═══ Records supplied
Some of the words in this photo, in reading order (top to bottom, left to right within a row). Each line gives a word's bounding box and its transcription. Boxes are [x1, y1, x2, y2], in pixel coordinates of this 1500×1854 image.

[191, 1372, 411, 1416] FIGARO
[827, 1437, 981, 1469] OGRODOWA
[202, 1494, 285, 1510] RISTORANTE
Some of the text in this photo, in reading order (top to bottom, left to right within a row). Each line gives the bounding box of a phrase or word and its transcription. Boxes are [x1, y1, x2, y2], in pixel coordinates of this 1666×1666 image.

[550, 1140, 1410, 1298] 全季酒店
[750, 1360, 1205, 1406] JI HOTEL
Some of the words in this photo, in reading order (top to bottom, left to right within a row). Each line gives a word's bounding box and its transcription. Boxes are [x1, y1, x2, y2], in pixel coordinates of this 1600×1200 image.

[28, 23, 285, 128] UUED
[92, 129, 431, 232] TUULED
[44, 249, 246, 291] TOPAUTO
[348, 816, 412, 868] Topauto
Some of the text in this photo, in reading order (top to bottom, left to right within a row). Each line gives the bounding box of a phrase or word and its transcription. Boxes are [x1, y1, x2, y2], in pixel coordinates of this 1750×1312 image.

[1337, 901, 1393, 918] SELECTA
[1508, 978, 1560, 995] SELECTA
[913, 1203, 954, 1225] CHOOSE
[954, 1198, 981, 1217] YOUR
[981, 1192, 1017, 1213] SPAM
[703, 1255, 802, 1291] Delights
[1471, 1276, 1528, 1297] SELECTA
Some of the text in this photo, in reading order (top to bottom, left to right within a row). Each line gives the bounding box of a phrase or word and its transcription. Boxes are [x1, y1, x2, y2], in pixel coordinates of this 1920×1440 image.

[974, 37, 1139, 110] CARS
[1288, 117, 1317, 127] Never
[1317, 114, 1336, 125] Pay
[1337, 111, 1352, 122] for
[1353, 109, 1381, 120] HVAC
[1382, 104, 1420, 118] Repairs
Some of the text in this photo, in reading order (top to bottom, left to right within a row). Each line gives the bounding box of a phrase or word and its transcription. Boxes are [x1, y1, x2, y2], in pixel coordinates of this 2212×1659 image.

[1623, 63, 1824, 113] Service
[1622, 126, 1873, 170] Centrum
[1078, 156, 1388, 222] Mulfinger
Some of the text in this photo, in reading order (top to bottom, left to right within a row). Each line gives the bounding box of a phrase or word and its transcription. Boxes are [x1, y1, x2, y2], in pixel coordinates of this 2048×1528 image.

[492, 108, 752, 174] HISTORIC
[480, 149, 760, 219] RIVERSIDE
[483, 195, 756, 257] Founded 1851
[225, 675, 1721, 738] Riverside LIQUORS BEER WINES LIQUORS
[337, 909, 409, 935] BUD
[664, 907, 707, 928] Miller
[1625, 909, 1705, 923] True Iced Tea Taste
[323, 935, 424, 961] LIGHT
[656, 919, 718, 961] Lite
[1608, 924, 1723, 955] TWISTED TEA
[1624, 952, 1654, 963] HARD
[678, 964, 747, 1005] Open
══════
What you have to do |
The answer is the data above, retyped exactly in full.

Exercise solution |
Some of the words in this photo, in reading order (top to bottom, left to right within a row). Each line gives a word's bounding box and its transcription. Boxes are [x1, y1, x2, y2], in pixel coordinates of this 1500×1854 image.

[191, 1372, 411, 1416] FIGARO
[827, 1437, 981, 1469] OGRODOWA
[202, 1494, 285, 1510] RISTORANTE
Some of the text in this photo, in reading order (top to bottom, left to right within a row). Each line gives the bounding box of a phrase or word and its transcription. Boxes are [x1, y1, x2, y2], in pixel coordinates of this 1666×1666 image.

[550, 1140, 1410, 1298] 全季酒店
[750, 1360, 1205, 1406] JI HOTEL
Some of the words in this photo, in reading order (top to bottom, left to right within a row). Each line gives a word's bounding box and its transcription. Boxes are [x1, y1, x2, y2], in pixel coordinates of this 1600×1200 image.

[28, 23, 285, 128] UUED
[92, 129, 431, 232] TUULED
[44, 249, 246, 291] TOPAUTO
[348, 816, 412, 868] Topauto
Some of the text in this photo, in reading order (top to bottom, left to right within a row). Each line gives the bounding box of a phrase or word and its transcription. Boxes are [x1, y1, x2, y2], in pixel coordinates of this 1750×1312 image.

[1337, 901, 1393, 918] SELECTA
[1508, 978, 1560, 995] SELECTA
[913, 1203, 954, 1225] CHOOSE
[954, 1198, 981, 1217] YOUR
[981, 1192, 1017, 1213] SPAM
[703, 1255, 802, 1291] Delights
[1471, 1276, 1528, 1297] SELECTA
Some of the text in this photo, in reading order (top to bottom, left to right within a row). Each line gives the bounding box of a phrase or word and its transcription. Boxes are [x1, y1, x2, y2], in pixel coordinates of this 1920×1440 image.

[974, 37, 1139, 110] CARS
[1288, 117, 1317, 127] Never
[1317, 114, 1336, 125] Pay
[1337, 111, 1352, 122] for
[1353, 109, 1381, 120] HVAC
[1382, 104, 1420, 118] Repairs
Some of the text in this photo, in reading order (top to bottom, left to right within a row). Each line gives the bounding box of a phrase or word and its transcription. Boxes are [x1, y1, x2, y2], in pixel coordinates of this 2212×1659 image.

[1623, 63, 1824, 113] Service
[1622, 126, 1873, 170] Centrum
[1078, 156, 1388, 222] Mulfinger
Some of the text in this photo, in reading order (top to bottom, left to right within a row). Each line gives the bounding box of a phrase or word and its transcription. Boxes are [x1, y1, x2, y2], in pixel coordinates of this 2048×1528 image.

[492, 108, 752, 174] HISTORIC
[480, 149, 760, 219] RIVERSIDE
[483, 195, 756, 257] Founded 1851
[225, 675, 1721, 738] Riverside LIQUORS BEER WINES LIQUORS
[337, 909, 409, 935] BUD
[664, 907, 707, 928] Miller
[1625, 909, 1705, 923] True Iced Tea Taste
[323, 935, 424, 961] LIGHT
[656, 919, 718, 961] Lite
[1608, 924, 1723, 955] TWISTED TEA
[1624, 952, 1654, 963] HARD
[678, 964, 747, 1005] Open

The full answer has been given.